__WHAT YOU ARE ASKED TO DO__
Transcribe all the data below exactly, leaving its pictures out.

[Start of Attachment]

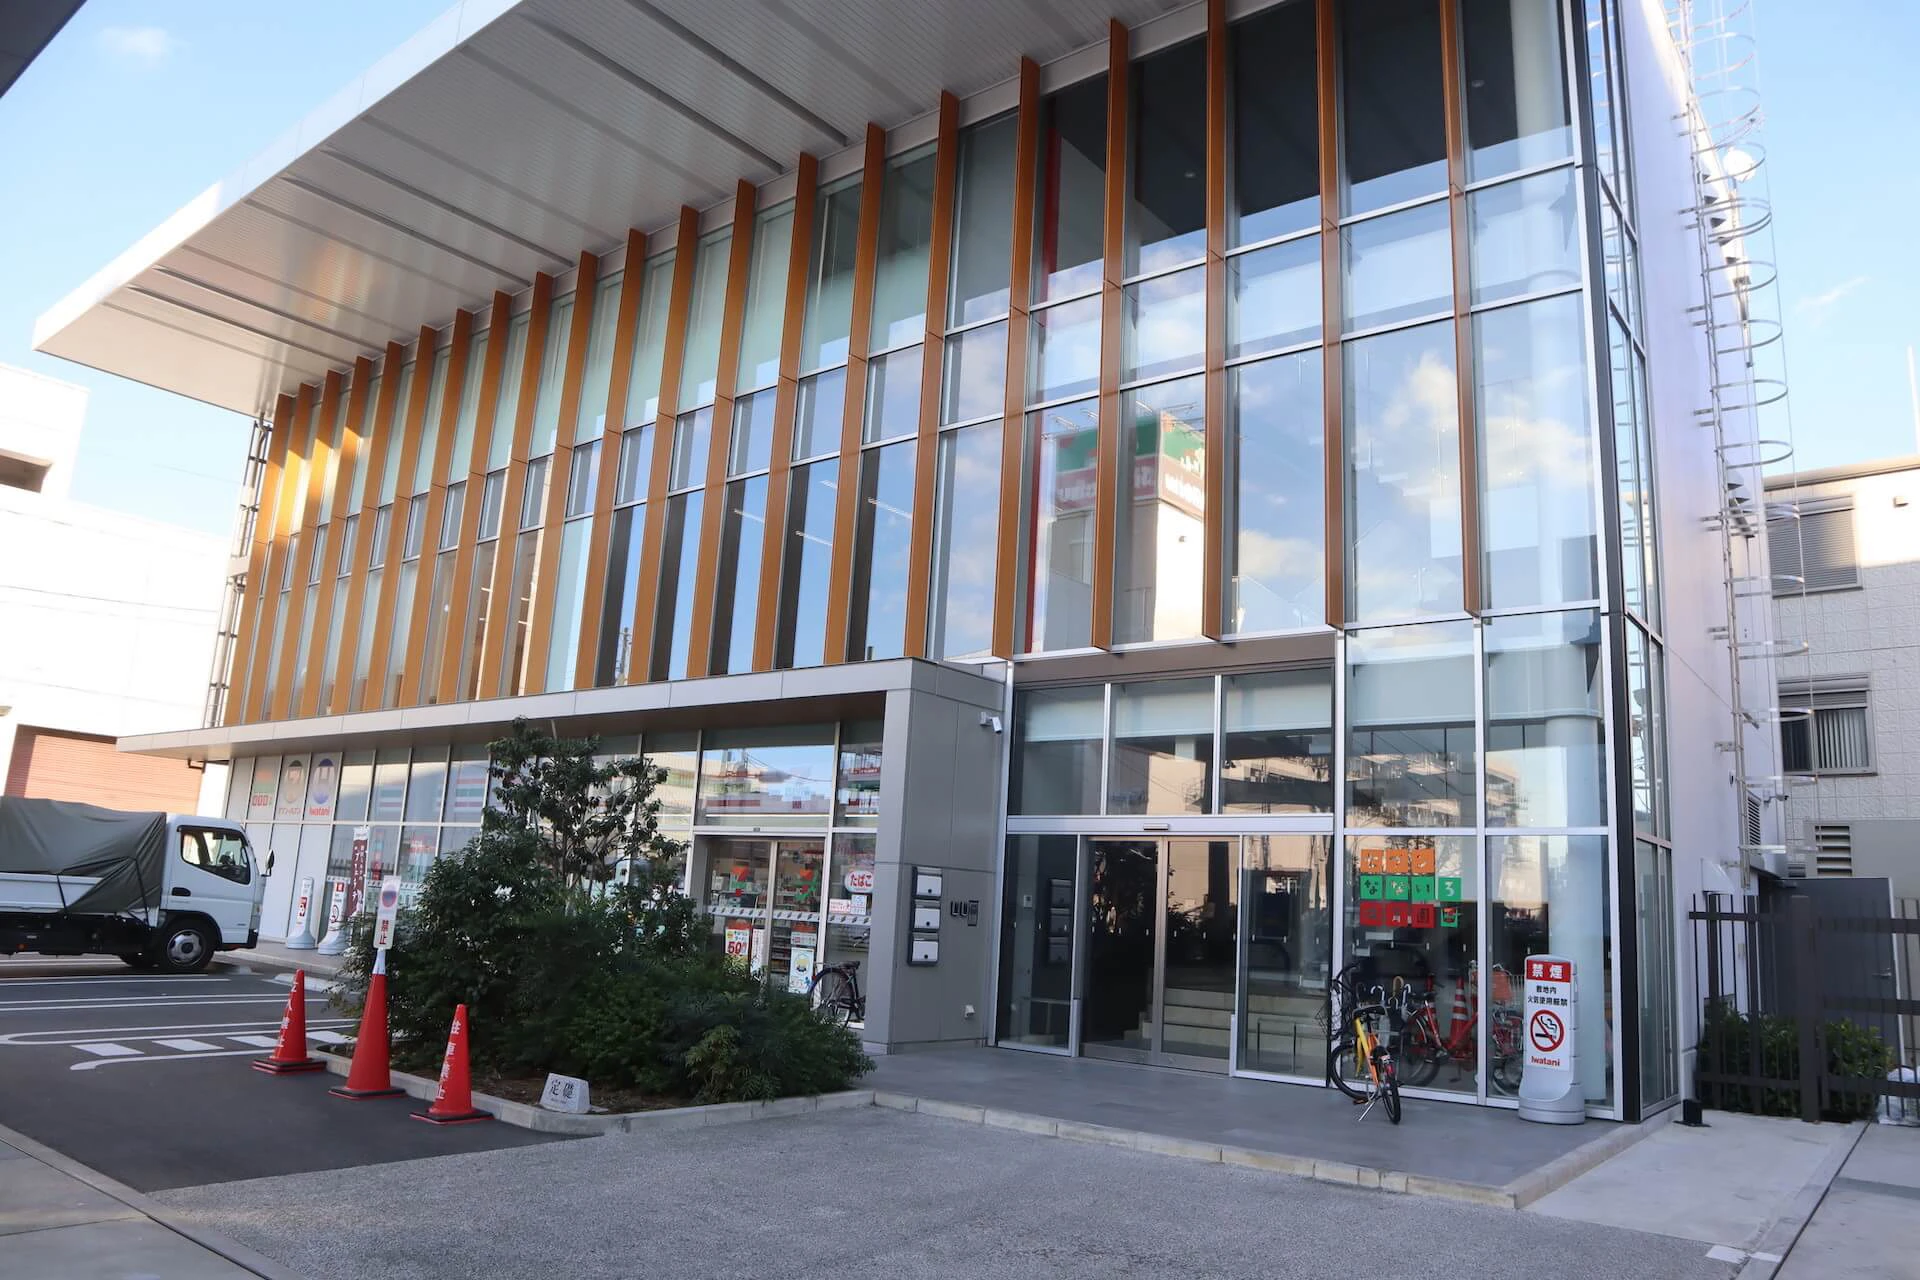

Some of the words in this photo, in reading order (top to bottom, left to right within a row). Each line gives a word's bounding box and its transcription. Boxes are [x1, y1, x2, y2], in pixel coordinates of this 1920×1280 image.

[850, 873, 873, 888] たばこ
[1532, 963, 1563, 979] 禁煙
[1531, 1055, 1560, 1066] Iwatani
[550, 1079, 576, 1099] 定礎

[End of Attachment]

__FINISHED EXERCISE__
Some of the words in this photo, in reading order (top to bottom, left to right within a row). Each line gives a word's bounding box and its transcription. Boxes are [x1, y1, x2, y2], in pixel coordinates of this 1920×1280 image.

[850, 873, 873, 888] たばこ
[1532, 963, 1563, 979] 禁煙
[1531, 1055, 1560, 1066] Iwatani
[550, 1079, 576, 1099] 定礎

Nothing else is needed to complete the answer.